Wenn ein Pelikan dem Autoversicherer Schweißperlen auf die Stirn treibt
Wie gut, dass es die Kfz-Versicherung gibt: Das werden sich schon viele Autofahrer gedacht haben, die kurz nicht aufgepasst und dem Vordermann einen Stups verpasst oder auf dem Parkplatz den Seitenspiegel des Nachbarn zerdeppert haben. Das gilt auch für Andy House, dessen (Un-)Fall vorige Woche quer durch die Medienlandschaft geisterte.
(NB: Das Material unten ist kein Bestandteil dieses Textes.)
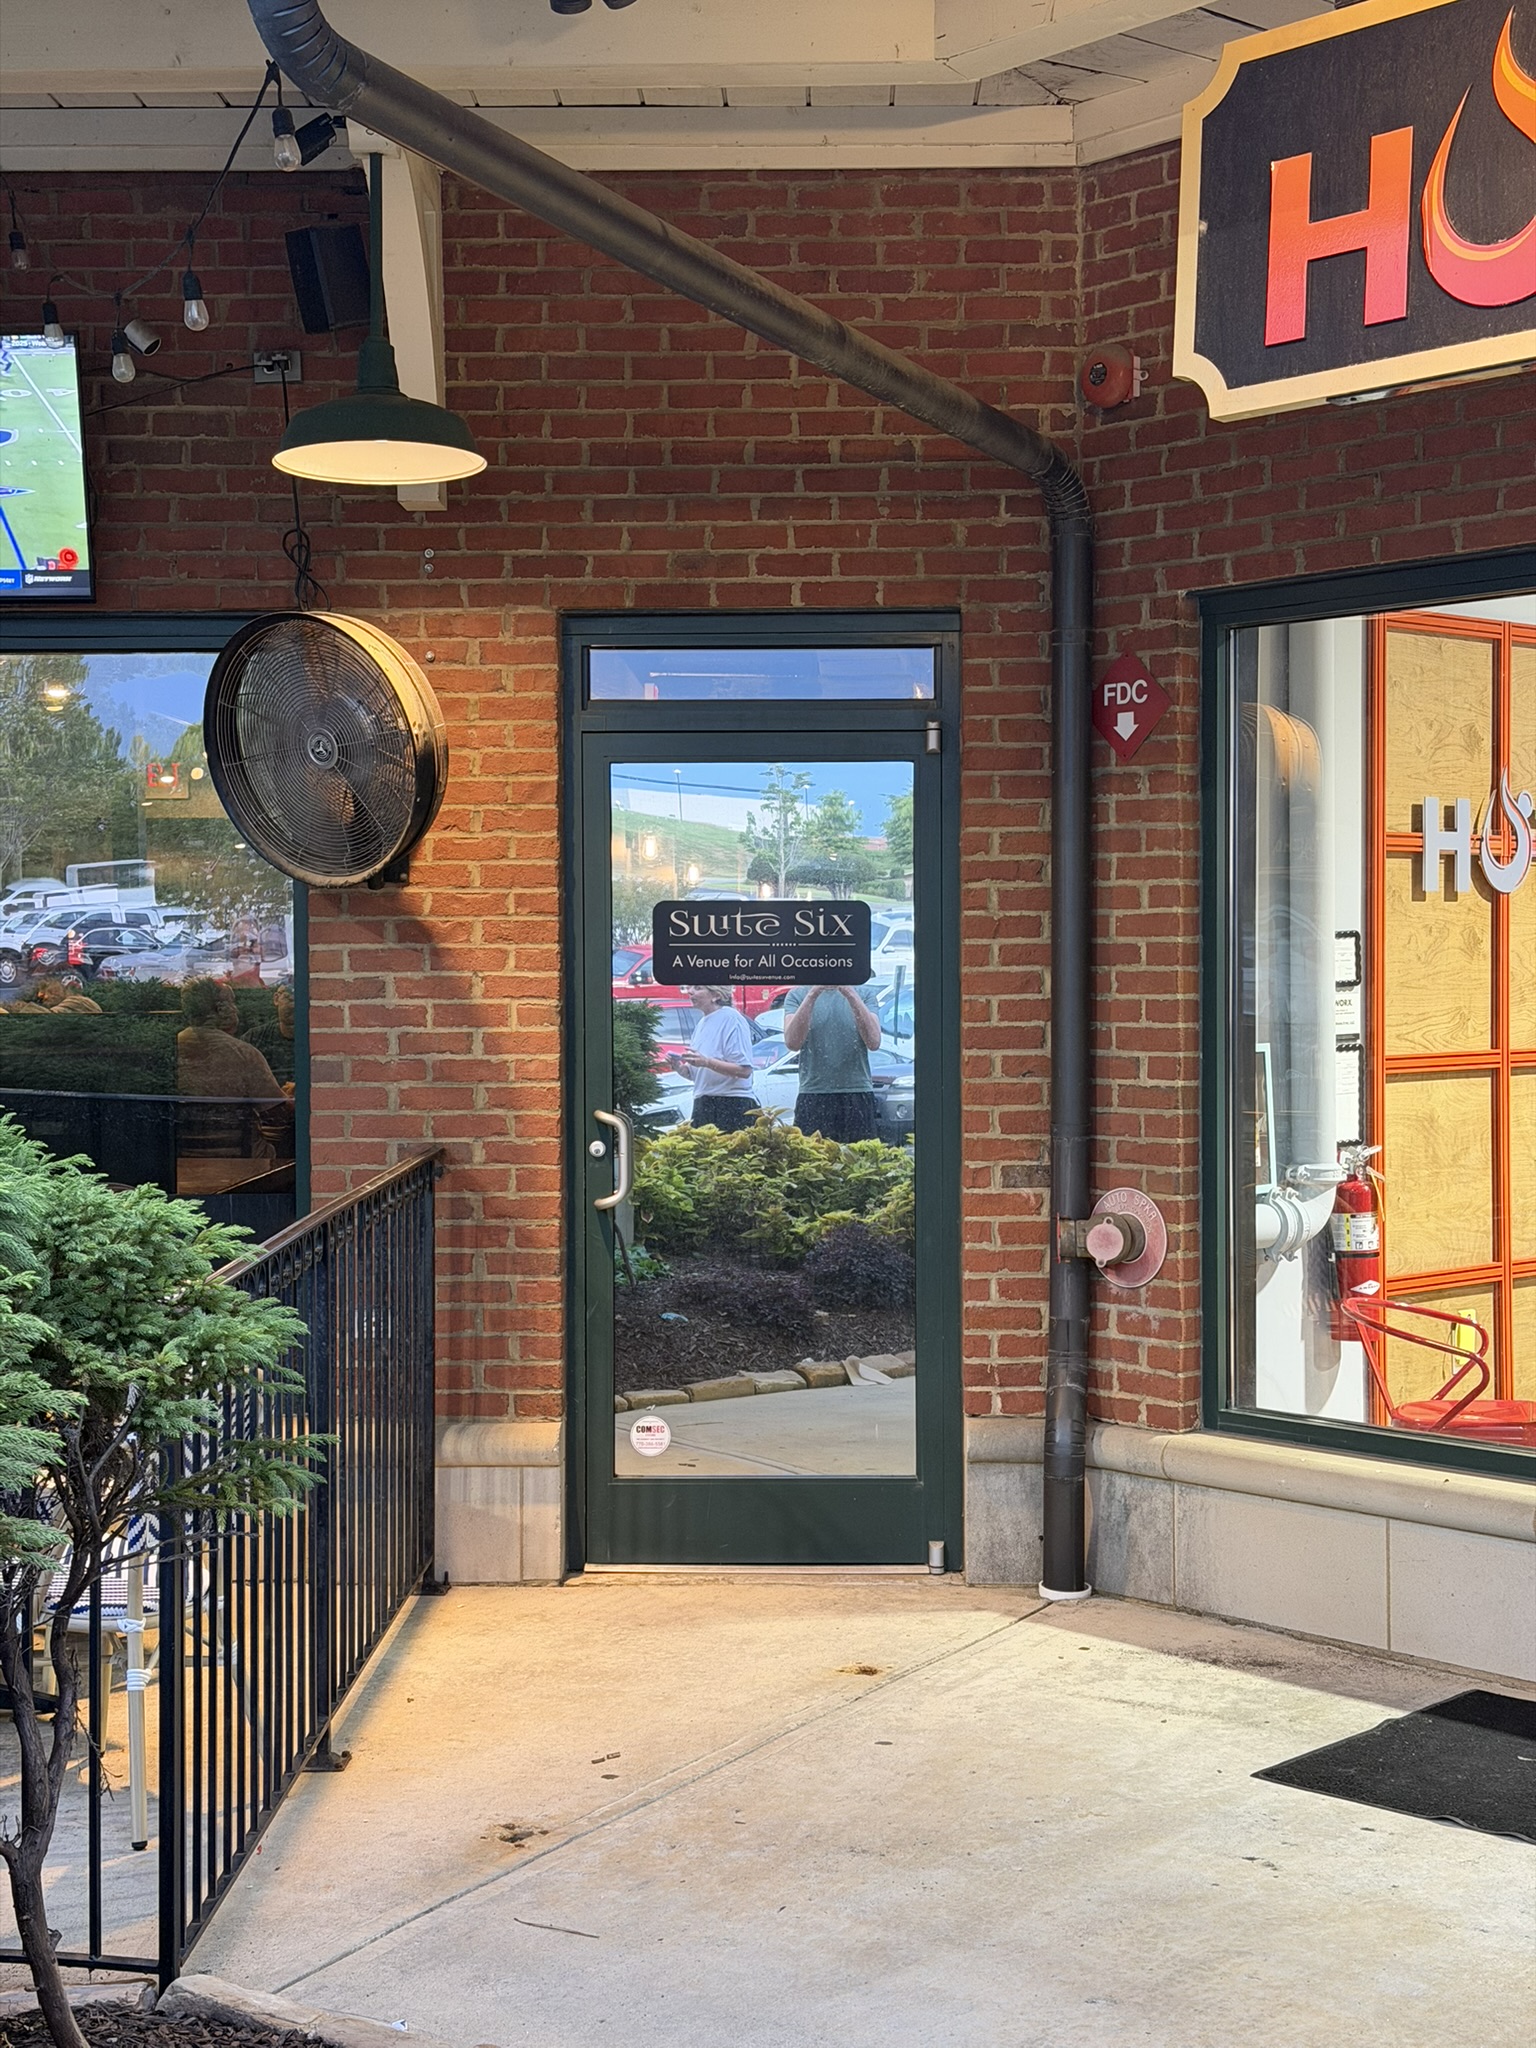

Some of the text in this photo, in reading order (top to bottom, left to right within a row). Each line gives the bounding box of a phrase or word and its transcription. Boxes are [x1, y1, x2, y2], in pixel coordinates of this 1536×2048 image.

[1103, 679, 1148, 707] FDC
[669, 906, 854, 937] Suite Six
[672, 953, 853, 968] A Venue for All Occasions
[1103, 1191, 1157, 1221] AUTO SPKR
[636, 1425, 665, 1433] COMSEC
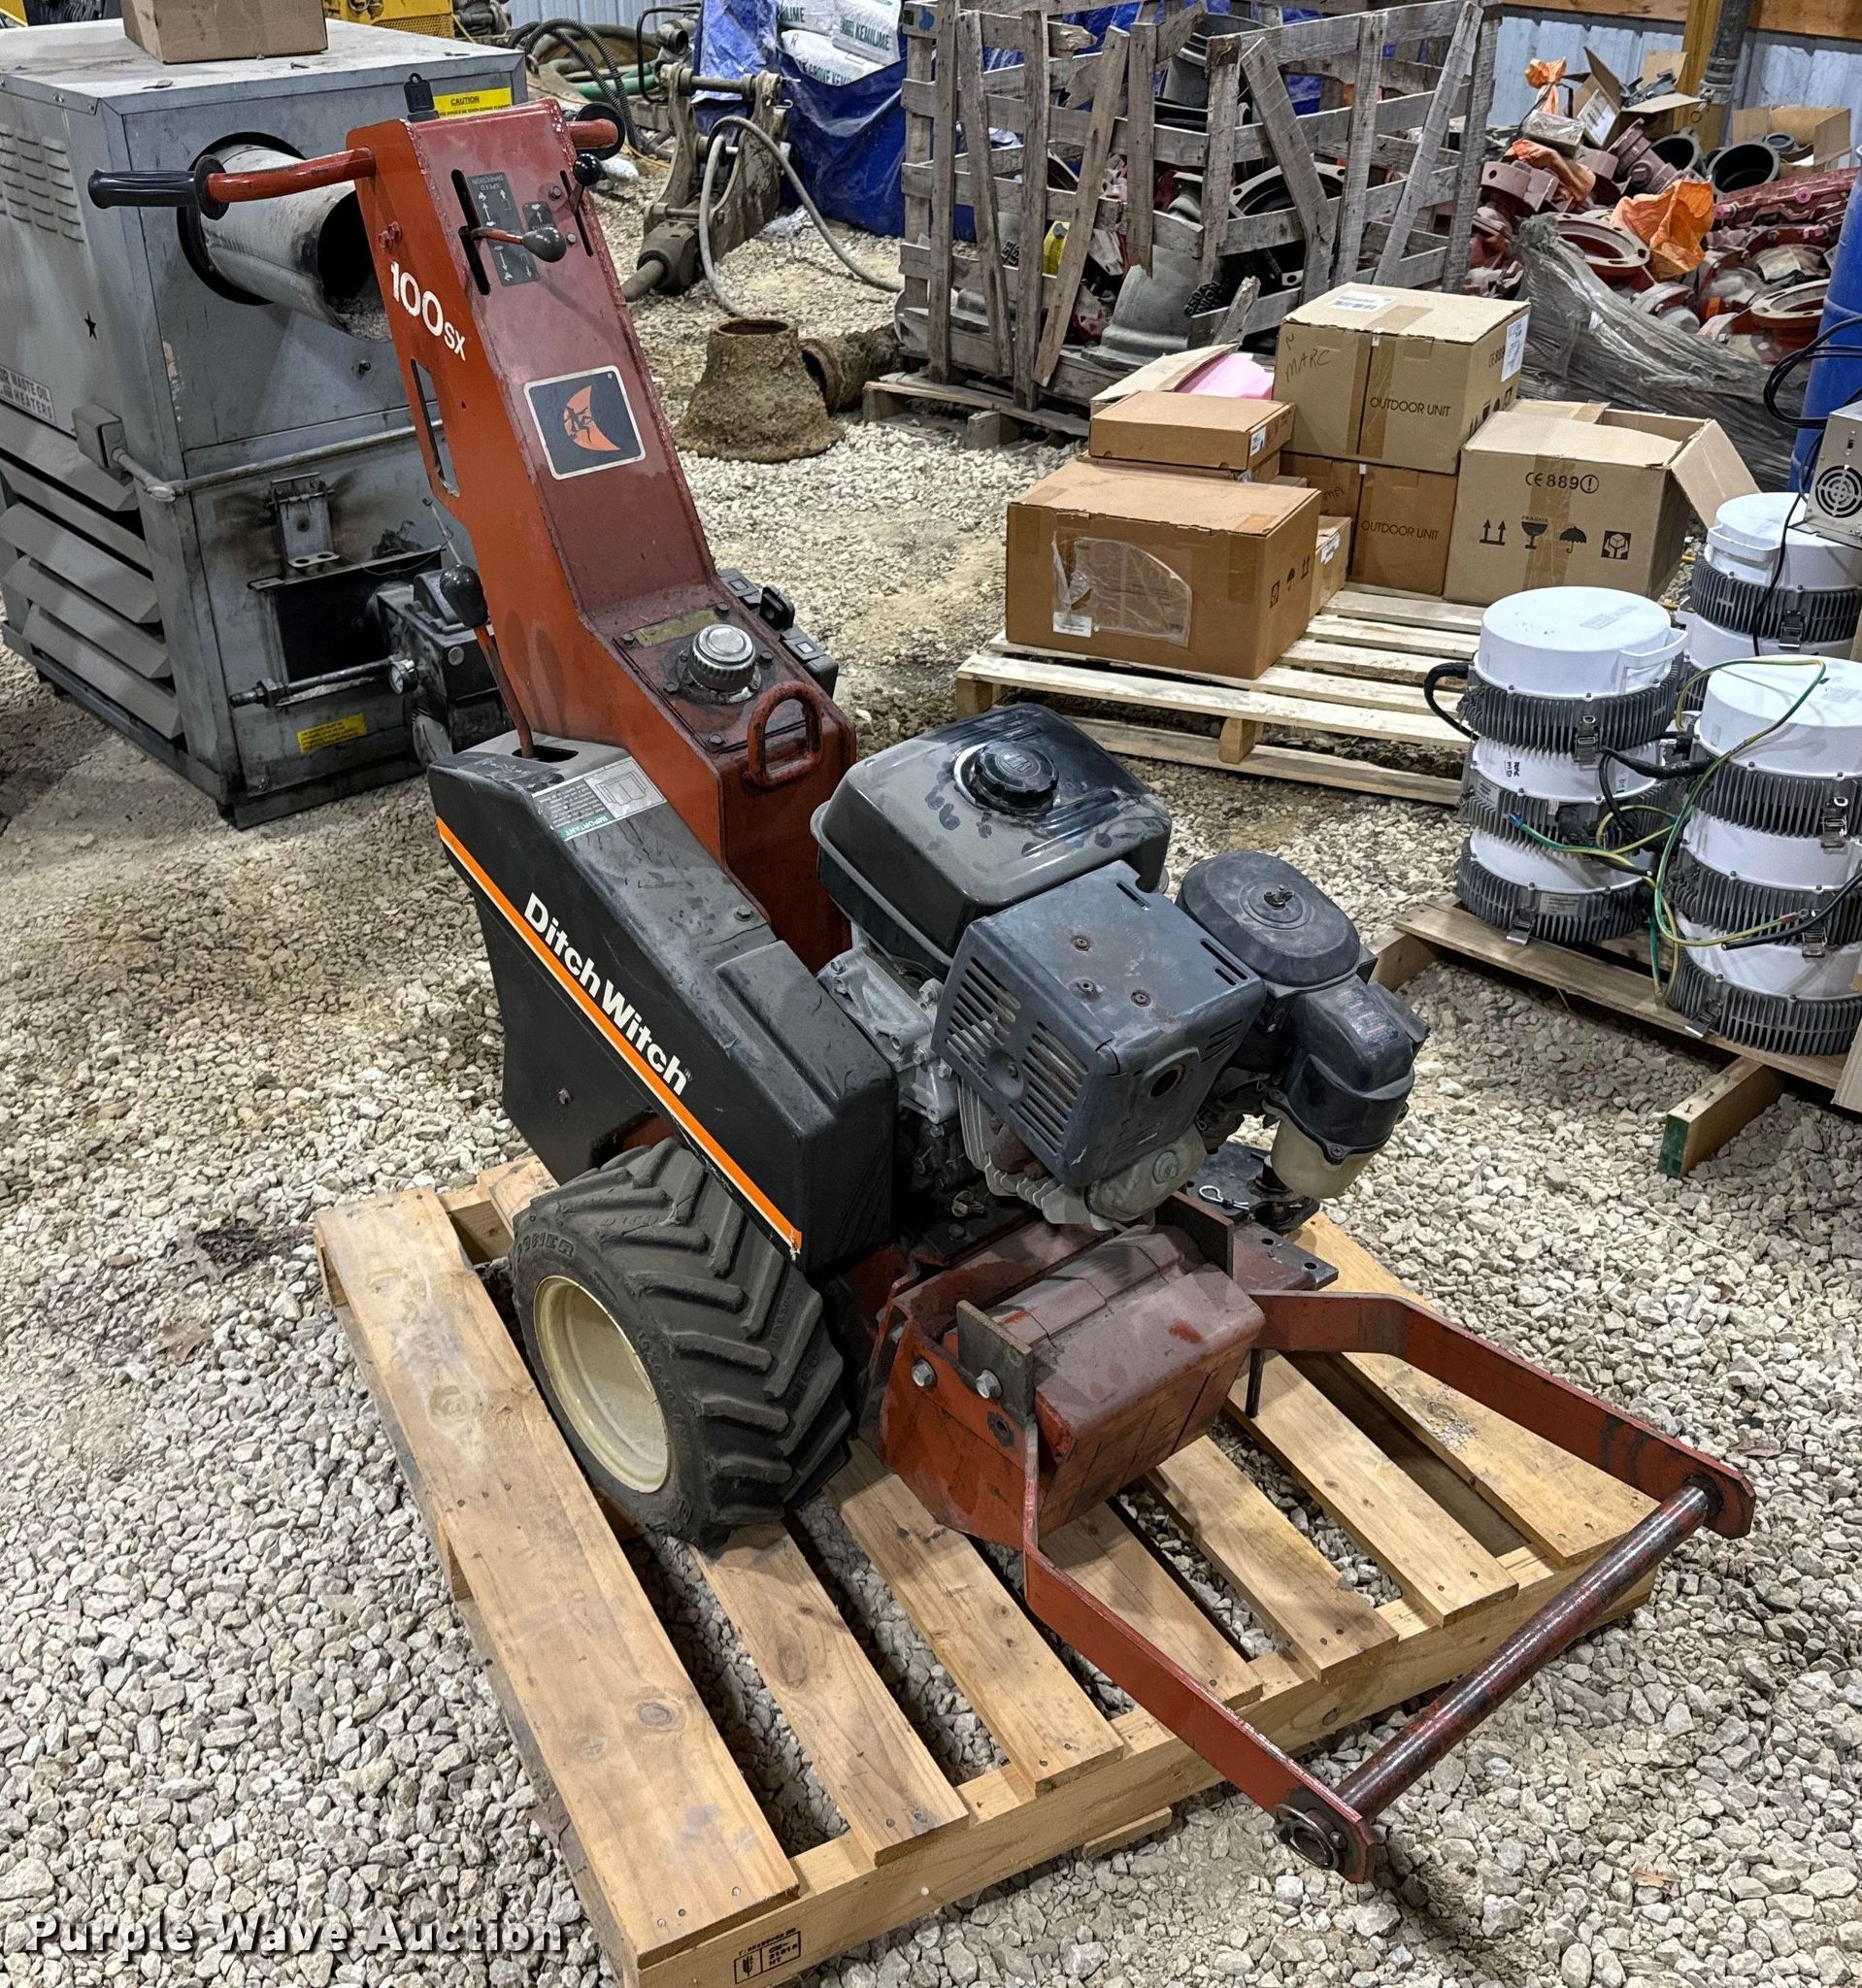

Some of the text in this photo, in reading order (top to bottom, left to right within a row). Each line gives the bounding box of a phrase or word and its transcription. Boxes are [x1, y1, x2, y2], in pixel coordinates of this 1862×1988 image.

[855, 21, 890, 51] KEMILIME
[450, 95, 480, 106] CAUTION
[1369, 396, 1451, 417] OUTDOOR UNIT
[1361, 520, 1440, 541] OUTDOOR UNIT
[564, 815, 609, 837] IMPORTANT
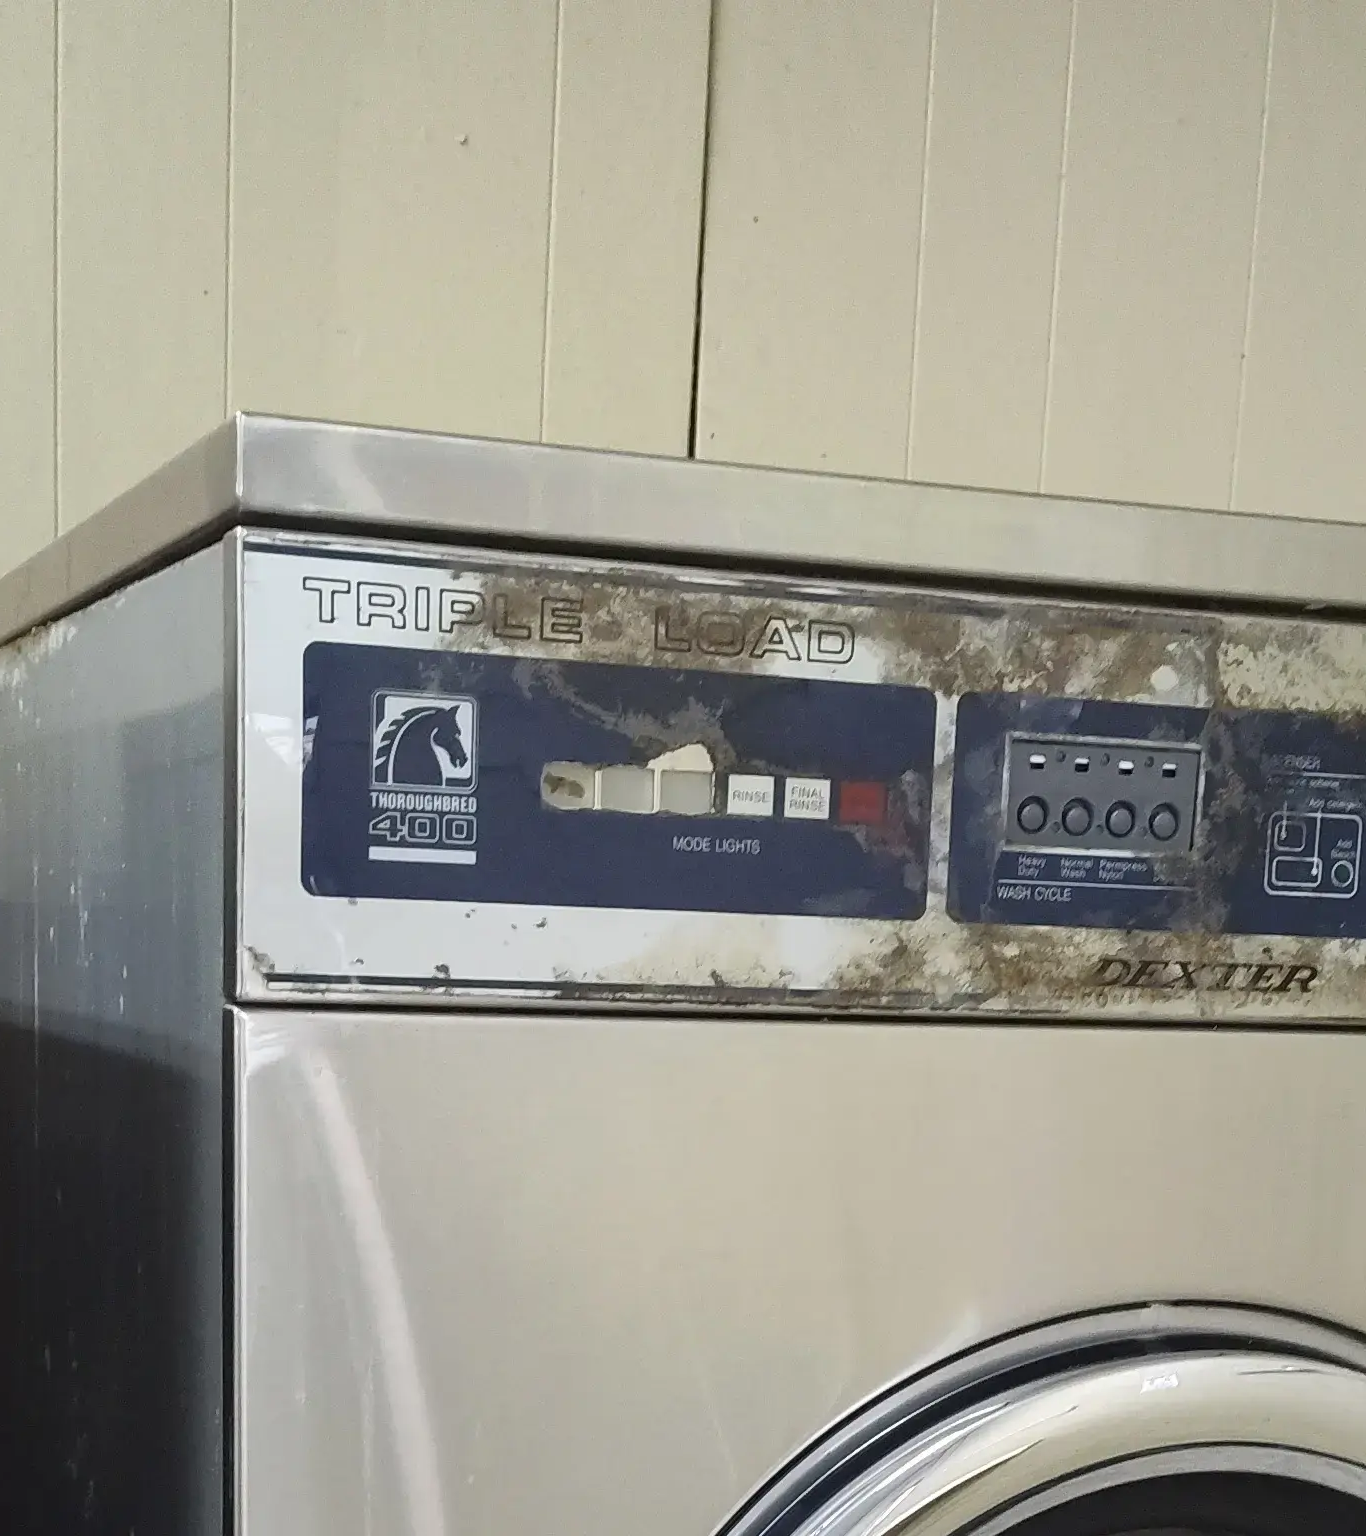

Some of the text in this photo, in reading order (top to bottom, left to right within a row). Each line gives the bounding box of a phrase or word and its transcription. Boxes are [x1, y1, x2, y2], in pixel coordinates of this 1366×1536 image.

Jetzt ist es vermutlich an der Kfz-Versicherung des Mannes, den Schaden zu regulieren. Dafür, dass sie ein Fahrzeug im Wert von fast einer Millionen Euro versichert, hält die Assekuranz auch ordentlich die Hand auf. Andy House berappt im Jahr rund 8.000 Dollar (5.370 Euro) für seine Autoversicherung. Damit zahlt er zehn Mal so viel wie sonst in den Vereinigten Staaten üblich. Dass sein Unfall derart schnell die Runde macht, damit hätte der 34-Jährige nicht gerechnet. Er bedankt sich jetzt auf den Seiten der Zeitung für das Mitgefühl seiner Mitmenschen.